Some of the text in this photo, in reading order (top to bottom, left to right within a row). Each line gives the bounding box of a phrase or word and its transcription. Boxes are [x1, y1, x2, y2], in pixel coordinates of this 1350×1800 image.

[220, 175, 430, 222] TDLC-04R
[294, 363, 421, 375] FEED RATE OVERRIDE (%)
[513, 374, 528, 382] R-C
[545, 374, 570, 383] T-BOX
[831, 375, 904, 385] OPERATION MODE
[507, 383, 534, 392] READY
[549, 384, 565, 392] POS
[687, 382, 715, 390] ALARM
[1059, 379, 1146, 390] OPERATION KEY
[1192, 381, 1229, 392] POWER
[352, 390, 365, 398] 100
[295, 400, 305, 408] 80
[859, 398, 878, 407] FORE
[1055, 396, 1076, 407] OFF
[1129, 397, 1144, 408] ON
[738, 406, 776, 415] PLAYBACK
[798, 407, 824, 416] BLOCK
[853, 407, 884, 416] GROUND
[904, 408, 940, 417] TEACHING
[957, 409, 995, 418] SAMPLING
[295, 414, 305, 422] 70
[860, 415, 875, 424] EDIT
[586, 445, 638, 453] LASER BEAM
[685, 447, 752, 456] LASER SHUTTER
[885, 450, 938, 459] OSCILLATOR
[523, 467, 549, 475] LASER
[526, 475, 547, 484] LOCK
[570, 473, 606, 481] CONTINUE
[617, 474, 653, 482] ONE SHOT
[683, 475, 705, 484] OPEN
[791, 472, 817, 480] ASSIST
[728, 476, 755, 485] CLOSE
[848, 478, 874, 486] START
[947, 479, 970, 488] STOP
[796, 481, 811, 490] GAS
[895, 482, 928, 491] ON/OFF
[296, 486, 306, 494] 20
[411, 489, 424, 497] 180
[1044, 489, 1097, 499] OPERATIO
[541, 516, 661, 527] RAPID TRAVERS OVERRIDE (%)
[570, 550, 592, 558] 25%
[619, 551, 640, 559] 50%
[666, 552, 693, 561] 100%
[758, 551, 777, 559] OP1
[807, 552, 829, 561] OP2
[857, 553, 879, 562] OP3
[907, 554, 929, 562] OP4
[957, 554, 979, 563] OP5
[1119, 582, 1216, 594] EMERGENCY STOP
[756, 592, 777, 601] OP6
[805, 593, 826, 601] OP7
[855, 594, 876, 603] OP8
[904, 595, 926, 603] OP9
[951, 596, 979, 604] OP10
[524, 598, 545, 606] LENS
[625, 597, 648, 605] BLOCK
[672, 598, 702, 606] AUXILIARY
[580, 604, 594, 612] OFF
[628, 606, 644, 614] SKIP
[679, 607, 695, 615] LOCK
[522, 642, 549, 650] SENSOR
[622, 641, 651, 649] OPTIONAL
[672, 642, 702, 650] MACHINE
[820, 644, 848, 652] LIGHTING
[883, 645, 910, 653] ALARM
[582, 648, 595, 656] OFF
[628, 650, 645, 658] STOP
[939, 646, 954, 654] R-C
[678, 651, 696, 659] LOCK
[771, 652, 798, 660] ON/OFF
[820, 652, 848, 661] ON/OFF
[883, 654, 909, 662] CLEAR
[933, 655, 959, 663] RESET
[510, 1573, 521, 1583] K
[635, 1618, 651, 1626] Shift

----

Print out the complete data above, character for character.

Solution
Some of the text in this photo, in reading order (top to bottom, left to right within a row). Each line gives the bounding box of a phrase or word and its transcription. Boxes are [x1, y1, x2, y2], in pixel coordinates of this 1350×1800 image.

[220, 175, 430, 222] TDLC-04R
[294, 363, 421, 375] FEED RATE OVERRIDE (%)
[513, 374, 528, 382] R-C
[545, 374, 570, 383] T-BOX
[831, 375, 904, 385] OPERATION MODE
[507, 383, 534, 392] READY
[549, 384, 565, 392] POS
[687, 382, 715, 390] ALARM
[1059, 379, 1146, 390] OPERATION KEY
[1192, 381, 1229, 392] POWER
[352, 390, 365, 398] 100
[295, 400, 305, 408] 80
[859, 398, 878, 407] FORE
[1055, 396, 1076, 407] OFF
[1129, 397, 1144, 408] ON
[738, 406, 776, 415] PLAYBACK
[798, 407, 824, 416] BLOCK
[853, 407, 884, 416] GROUND
[904, 408, 940, 417] TEACHING
[957, 409, 995, 418] SAMPLING
[295, 414, 305, 422] 70
[860, 415, 875, 424] EDIT
[586, 445, 638, 453] LASER BEAM
[685, 447, 752, 456] LASER SHUTTER
[885, 450, 938, 459] OSCILLATOR
[523, 467, 549, 475] LASER
[526, 475, 547, 484] LOCK
[570, 473, 606, 481] CONTINUE
[617, 474, 653, 482] ONE SHOT
[683, 475, 705, 484] OPEN
[791, 472, 817, 480] ASSIST
[728, 476, 755, 485] CLOSE
[848, 478, 874, 486] START
[947, 479, 970, 488] STOP
[796, 481, 811, 490] GAS
[895, 482, 928, 491] ON/OFF
[296, 486, 306, 494] 20
[411, 489, 424, 497] 180
[1044, 489, 1097, 499] OPERATIO
[541, 516, 661, 527] RAPID TRAVERS OVERRIDE (%)
[570, 550, 592, 558] 25%
[619, 551, 640, 559] 50%
[666, 552, 693, 561] 100%
[758, 551, 777, 559] OP1
[807, 552, 829, 561] OP2
[857, 553, 879, 562] OP3
[907, 554, 929, 562] OP4
[957, 554, 979, 563] OP5
[1119, 582, 1216, 594] EMERGENCY STOP
[756, 592, 777, 601] OP6
[805, 593, 826, 601] OP7
[855, 594, 876, 603] OP8
[904, 595, 926, 603] OP9
[951, 596, 979, 604] OP10
[524, 598, 545, 606] LENS
[625, 597, 648, 605] BLOCK
[672, 598, 702, 606] AUXILIARY
[580, 604, 594, 612] OFF
[628, 606, 644, 614] SKIP
[679, 607, 695, 615] LOCK
[522, 642, 549, 650] SENSOR
[622, 641, 651, 649] OPTIONAL
[672, 642, 702, 650] MACHINE
[820, 644, 848, 652] LIGHTING
[883, 645, 910, 653] ALARM
[582, 648, 595, 656] OFF
[628, 650, 645, 658] STOP
[939, 646, 954, 654] R-C
[678, 651, 696, 659] LOCK
[771, 652, 798, 660] ON/OFF
[820, 652, 848, 661] ON/OFF
[883, 654, 909, 662] CLEAR
[933, 655, 959, 663] RESET
[510, 1573, 521, 1583] K
[635, 1618, 651, 1626] Shift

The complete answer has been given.